(Records excerpted from a collection)
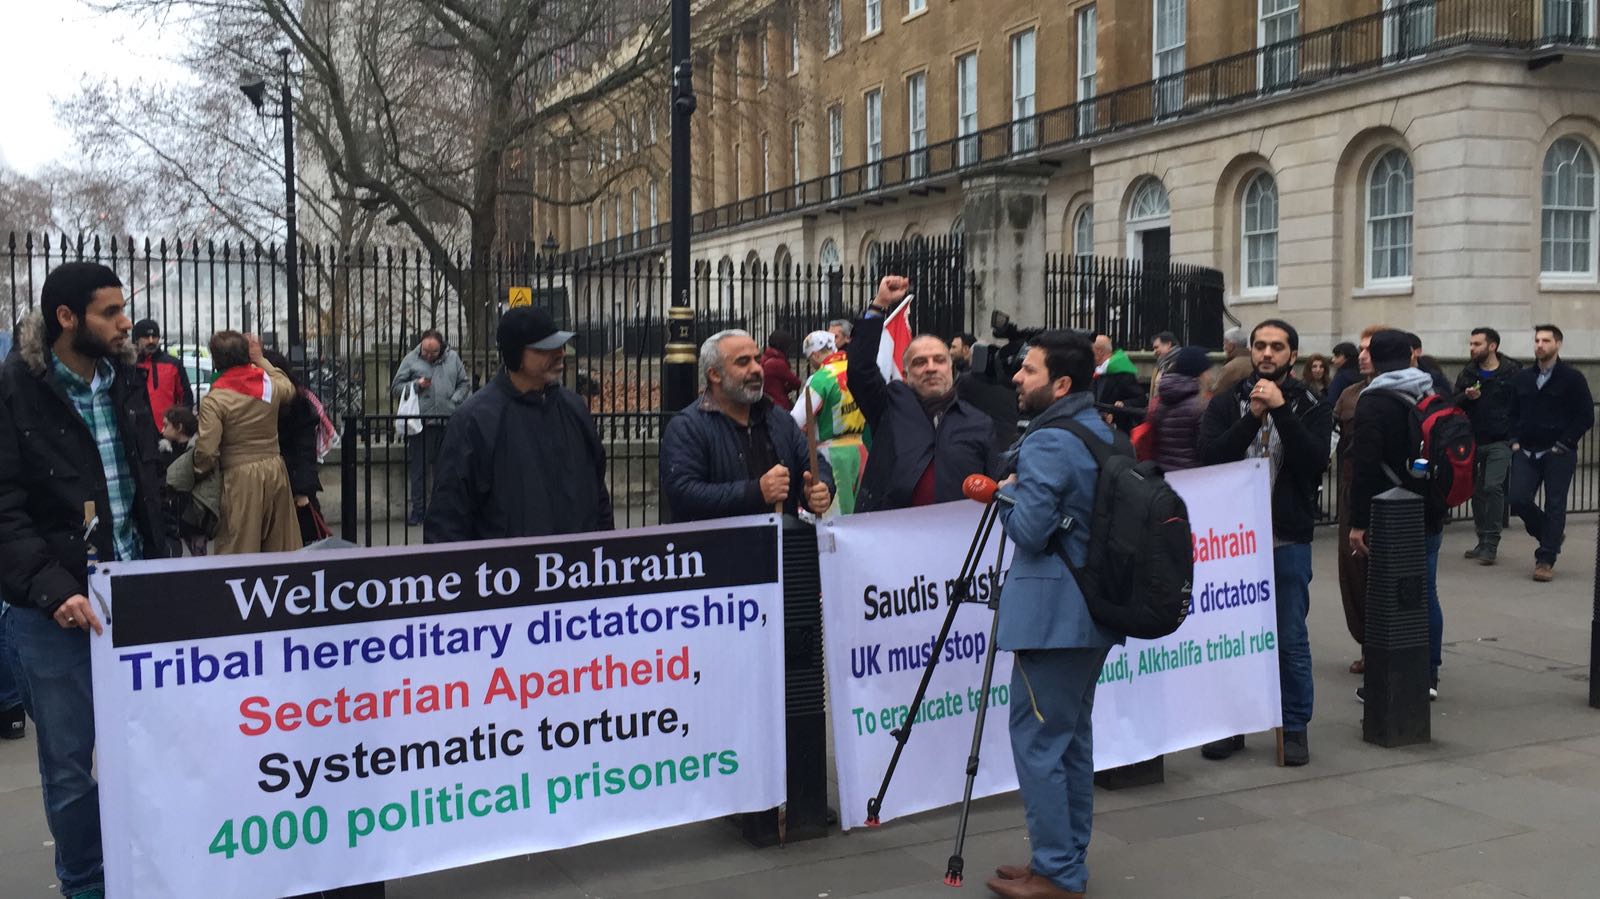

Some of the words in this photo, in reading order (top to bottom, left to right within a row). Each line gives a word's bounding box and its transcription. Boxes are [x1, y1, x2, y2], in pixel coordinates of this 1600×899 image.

[226, 569, 462, 621] Welcome
[474, 562, 521, 597] to
[535, 543, 706, 592] Bahrain
[851, 644, 882, 679] UK
[944, 630, 986, 664] stop
[1200, 577, 1271, 613] dictators
[864, 575, 939, 621] Saudis
[119, 640, 264, 692] Tribal
[283, 622, 513, 661] hereditary
[527, 593, 768, 645] dictatorship,
[852, 707, 877, 736] To
[967, 684, 1011, 713] tero
[1097, 652, 1134, 684] audi,
[1138, 638, 1203, 676] Alkhalifa
[1206, 630, 1246, 663] tribal
[239, 676, 470, 736] Sectarian
[484, 646, 702, 708] Apartheid,
[257, 724, 525, 799] Systematic
[537, 706, 690, 752] torture,
[207, 804, 329, 861] 4000
[346, 772, 532, 849] political
[545, 750, 741, 815] prisoners
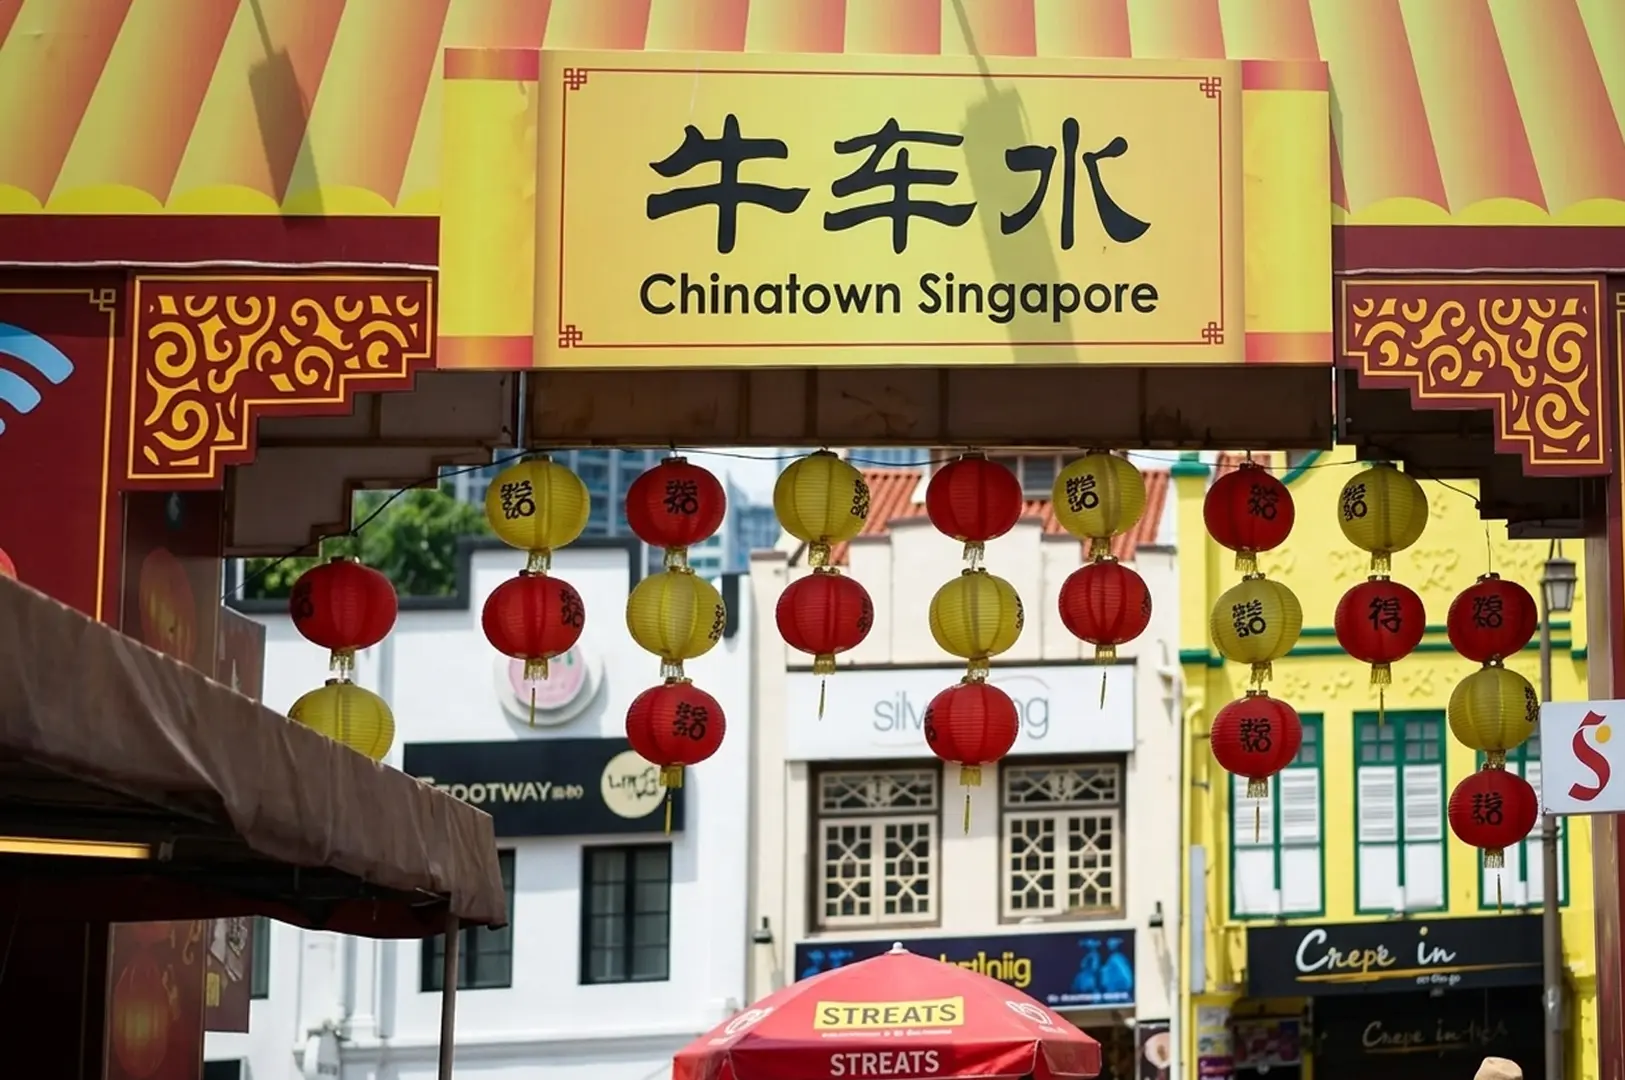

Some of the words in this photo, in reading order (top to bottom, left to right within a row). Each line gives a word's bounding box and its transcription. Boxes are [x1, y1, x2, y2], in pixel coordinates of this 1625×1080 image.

[646, 113, 1151, 254] 牛车水
[640, 271, 901, 315] Chinatown
[918, 271, 1159, 324] Singapore
[1416, 926, 1457, 965] in
[822, 1003, 957, 1026] STREATS
[830, 1049, 940, 1077] STREATS
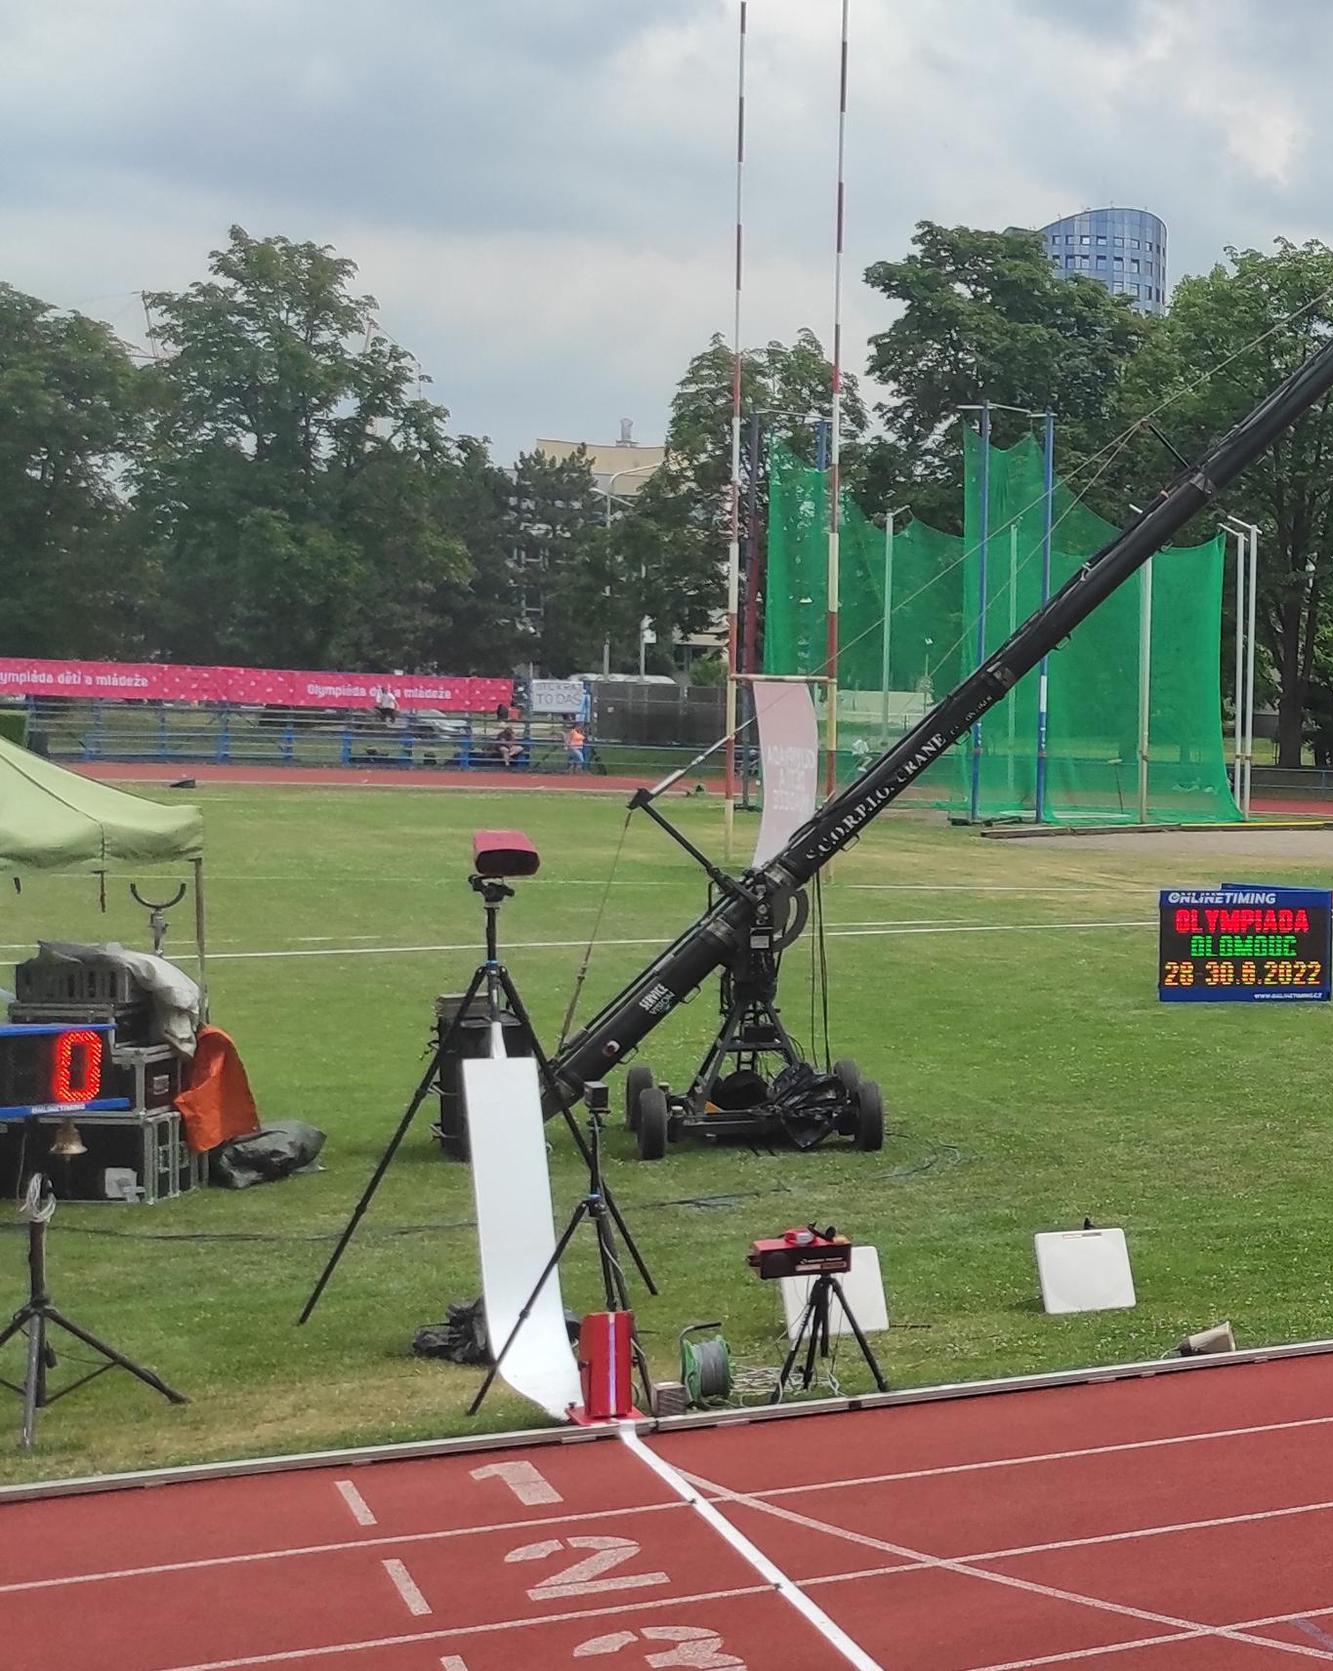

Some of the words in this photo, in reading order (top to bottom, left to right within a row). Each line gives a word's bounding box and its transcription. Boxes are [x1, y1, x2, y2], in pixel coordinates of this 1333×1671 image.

[0, 671, 53, 684] ympiáda
[896, 733, 947, 783] CRANE
[1168, 892, 1277, 904] ONLINETIMING
[1175, 909, 1310, 933] OLYMPIADA
[1190, 935, 1297, 957] OLOMOUC
[57, 1031, 102, 1102] 0
[468, 1460, 564, 1506] 1
[504, 1536, 671, 1601] 2
[572, 1626, 748, 1671] 3
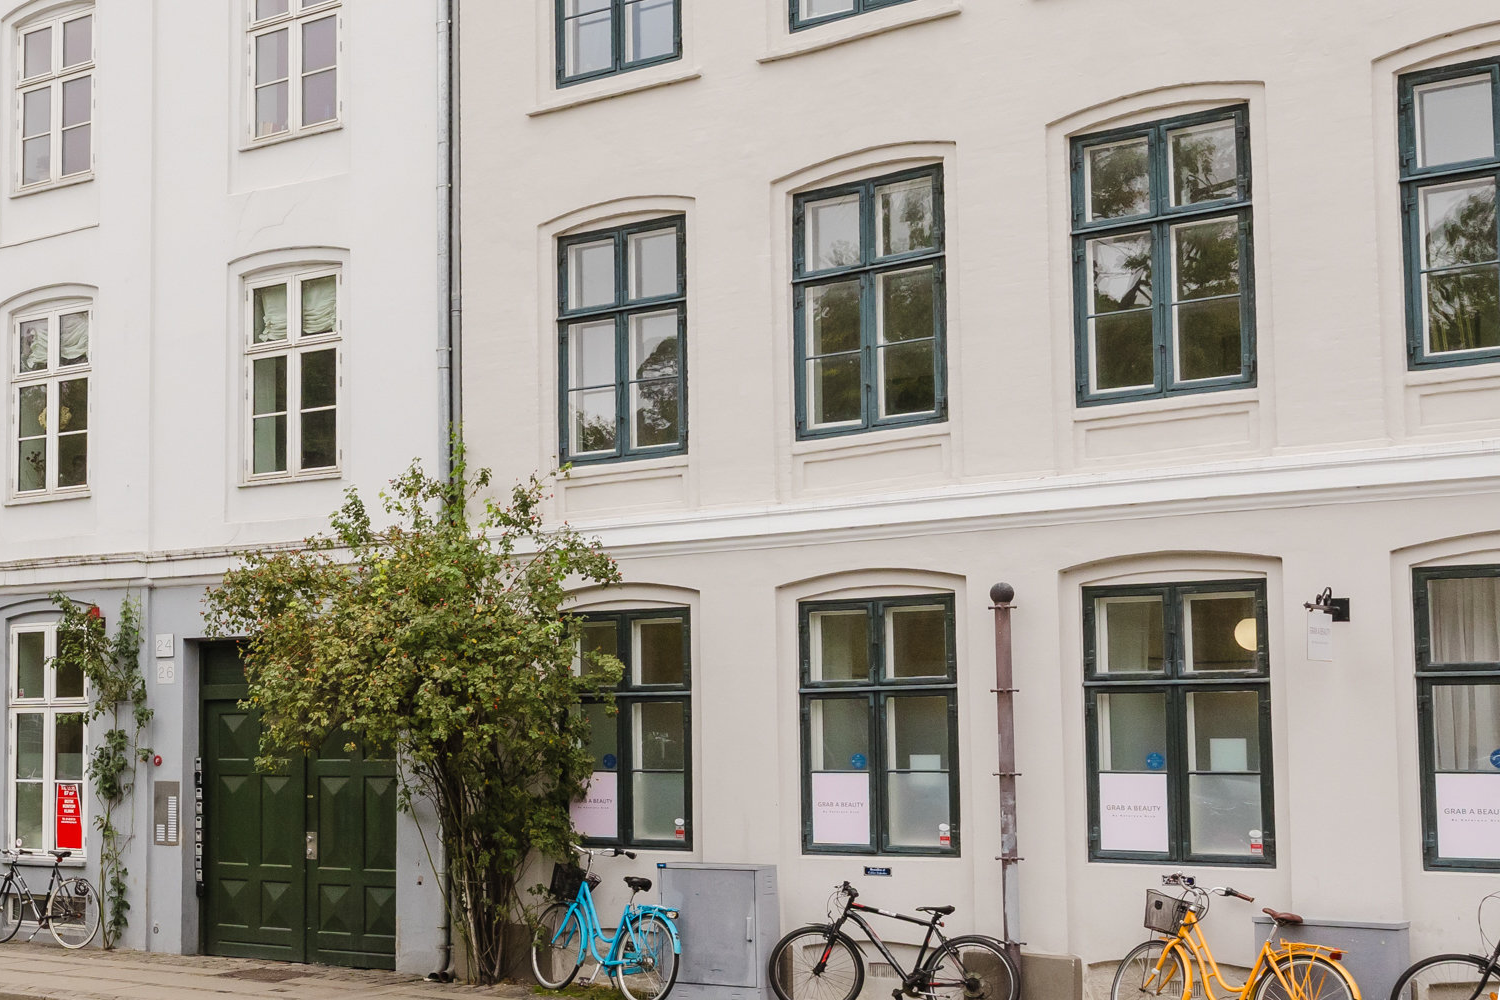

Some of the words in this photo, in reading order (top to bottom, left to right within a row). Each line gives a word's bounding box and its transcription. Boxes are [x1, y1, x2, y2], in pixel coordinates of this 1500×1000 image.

[156, 639, 172, 652] 24
[158, 666, 174, 679] 26
[1443, 807, 1467, 815] GRAB

TASK TO CARRY OUT
The records above are to be transcribed exactly, with every picture left out.

REPLY
Some of the words in this photo, in reading order (top to bottom, left to right within a row). Each line gives a word's bounding box and its transcription. Boxes are [x1, y1, x2, y2], in pixel coordinates of this 1600×899 image.

[226, 569, 462, 621] Welcome
[474, 562, 521, 597] to
[535, 543, 706, 592] Bahrain
[851, 644, 882, 679] UK
[944, 630, 986, 664] stop
[1200, 577, 1271, 613] dictators
[864, 575, 939, 621] Saudis
[119, 640, 264, 692] Tribal
[283, 622, 513, 661] hereditary
[527, 593, 768, 645] dictatorship,
[852, 707, 877, 736] To
[967, 684, 1011, 713] tero
[1097, 652, 1134, 684] audi,
[1138, 638, 1203, 676] Alkhalifa
[1206, 630, 1246, 663] tribal
[239, 676, 470, 736] Sectarian
[484, 646, 702, 708] Apartheid,
[257, 724, 525, 799] Systematic
[537, 706, 690, 752] torture,
[207, 804, 329, 861] 4000
[346, 772, 532, 849] political
[545, 750, 741, 815] prisoners

Some of the words in this photo, in reading order (top to bottom, left to right within a row). Each line gives a word's bounding box and its transcription. Boxes are [x1, y1, x2, y2], in pixel coordinates of this 1625×1080 image.

[646, 113, 1151, 254] 牛车水
[640, 271, 901, 315] Chinatown
[918, 271, 1159, 324] Singapore
[1416, 926, 1457, 965] in
[822, 1003, 957, 1026] STREATS
[830, 1049, 940, 1077] STREATS

Some of the words in this photo, in reading order (top to bottom, left to right within a row). Each line gives a word's bounding box and its transcription. Boxes are [x1, y1, x2, y2], in pixel coordinates of this 1333×1671 image.

[0, 671, 53, 684] ympiáda
[896, 733, 947, 783] CRANE
[1168, 892, 1277, 904] ONLINETIMING
[1175, 909, 1310, 933] OLYMPIADA
[1190, 935, 1297, 957] OLOMOUC
[57, 1031, 102, 1102] 0
[468, 1460, 564, 1506] 1
[504, 1536, 671, 1601] 2
[572, 1626, 748, 1671] 3

Some of the words in this photo, in reading order (top to bottom, left to right within a row). Each line gives a word's bounding box and its transcription. Boxes are [x1, y1, x2, y2], in pixel coordinates of this 1500×1000 image.

[156, 639, 172, 652] 24
[158, 666, 174, 679] 26
[1443, 807, 1467, 815] GRAB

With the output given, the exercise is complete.